Suite à sa remarque, il vit qu'effectivement, Iwaizumi tenait un parapluie mouillé dans la main. Une flaque commençait à se former en dessous de ce dernier.
— Oh, ouais, désolé, j'étais en train de faire les comptes, j'ai oublié de les faire avant et j'ai pas pensé à te prévenir, se rattrapa Oikawa.
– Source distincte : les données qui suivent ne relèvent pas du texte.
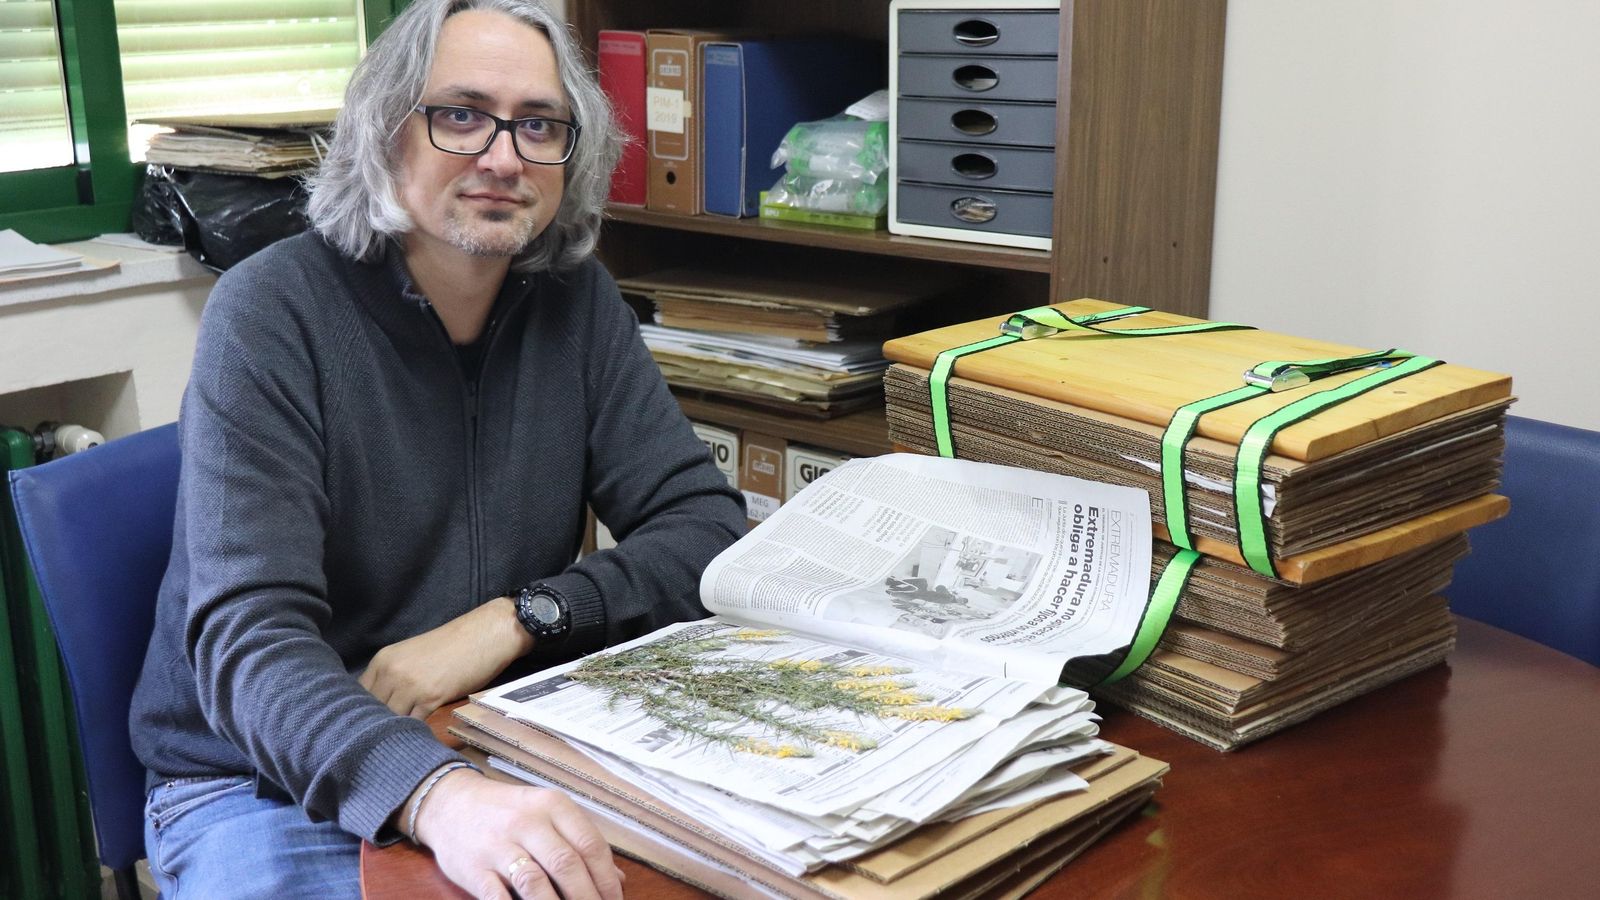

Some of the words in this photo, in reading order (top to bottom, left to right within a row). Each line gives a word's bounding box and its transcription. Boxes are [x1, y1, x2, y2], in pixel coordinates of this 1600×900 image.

[704, 440, 729, 463] IO
[752, 495, 769, 507] MEG
[1069, 503, 1085, 553] obliga
[1068, 557, 1078, 566] a
[1070, 506, 1099, 607] Extremadura
[1100, 510, 1122, 612] EXTREMADURA
[1050, 569, 1078, 609] hacer
[1062, 608, 1077, 621] no
Iwaizumi haussa un sourcil et répondit :
— Je vais te laisser alors…
— Non !
Son exclamation les surprit tous les deux, Oikawa ajouta rapidement :
— C'est pas grave ! Je les ferai la semaine prochaine, j'ai le temps !
— T'es sûr ?
— Oui, oui ! Laisse-moi juste quelques secondes et je viens avec toi.
Il tourna le dos et repartit en sens inverse, ranger le classeur qui n'avait même pas servi. Il éteignit les lumières et ils sortirent.
Pendant qu'il fermait la porte, Iwaizumi fit bien attention à ce que la pluie ne le touche pas, et resta près de lui. Ils entamèrent leur pas juste après.
D'un geste tendre et le rouge aux joues, Iwaizumi passa un bras autour de ses épaules, l'obligeant ainsi à se coller à lui.
Un sourire aux lèvres, mais le coeur lourd, Oikawa pria. Il pria pour que Shimizu réussisse son plan, il pria pour ne jamais être découvert, il pria pour qu'Iwaizumi l'aime jusqu'à la fin.
Il pria pour que tout se passe bien.